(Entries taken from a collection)
========================

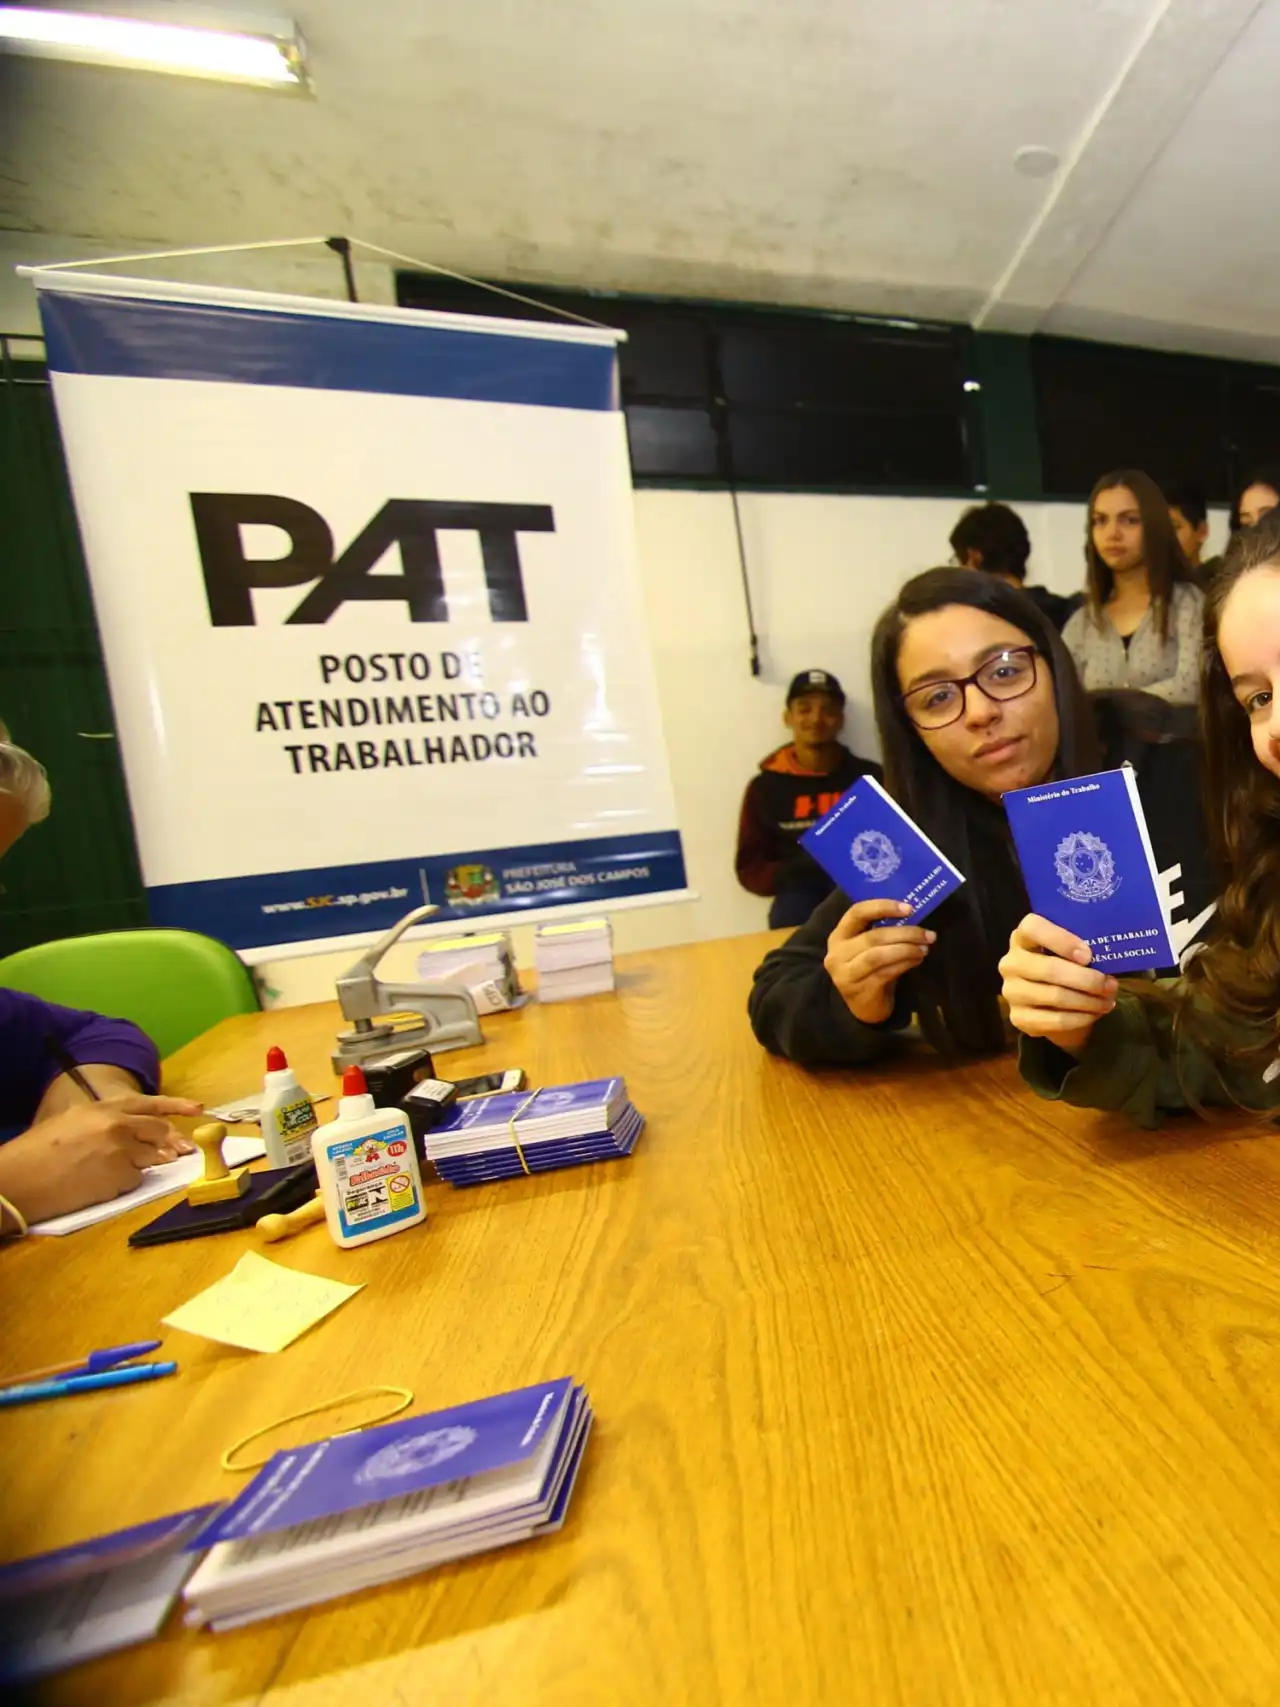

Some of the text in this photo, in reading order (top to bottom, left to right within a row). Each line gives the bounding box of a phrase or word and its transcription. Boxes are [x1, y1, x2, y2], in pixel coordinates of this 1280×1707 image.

[188, 491, 556, 627] PAT
[320, 649, 484, 684] POSTO DE
[255, 689, 552, 733] ATENDIMENTO AO
[284, 731, 538, 775] TRABALHADOR
[1027, 783, 1100, 804] Ministério do Trabalho
[502, 860, 577, 879] PREFEITURA
[505, 865, 651, 895] SÃO JOSÉ DOS CAMPOS
[1097, 935, 1110, 944] DE
[1111, 928, 1159, 943] TRABALHO
[1104, 944, 1112, 952] E
[1123, 947, 1157, 959] SOCIAL

========================

• INSTRUCTIONS FOR THE TASK: Each record above should be returned unchanged, except that the pictures are dropped.

• SOLVED PROBLEM:
Some of the text in this photo, in reading order (top to bottom, left to right within a row). Each line gives the bounding box of a phrase or word and its transcription. Boxes are [x1, y1, x2, y2], in pixel coordinates of this 1280×1707 image.

[188, 491, 556, 627] PAT
[320, 649, 484, 684] POSTO DE
[255, 689, 552, 733] ATENDIMENTO AO
[284, 731, 538, 775] TRABALHADOR
[1027, 783, 1100, 804] Ministério do Trabalho
[502, 860, 577, 879] PREFEITURA
[505, 865, 651, 895] SÃO JOSÉ DOS CAMPOS
[1097, 935, 1110, 944] DE
[1111, 928, 1159, 943] TRABALHO
[1104, 944, 1112, 952] E
[1123, 947, 1157, 959] SOCIAL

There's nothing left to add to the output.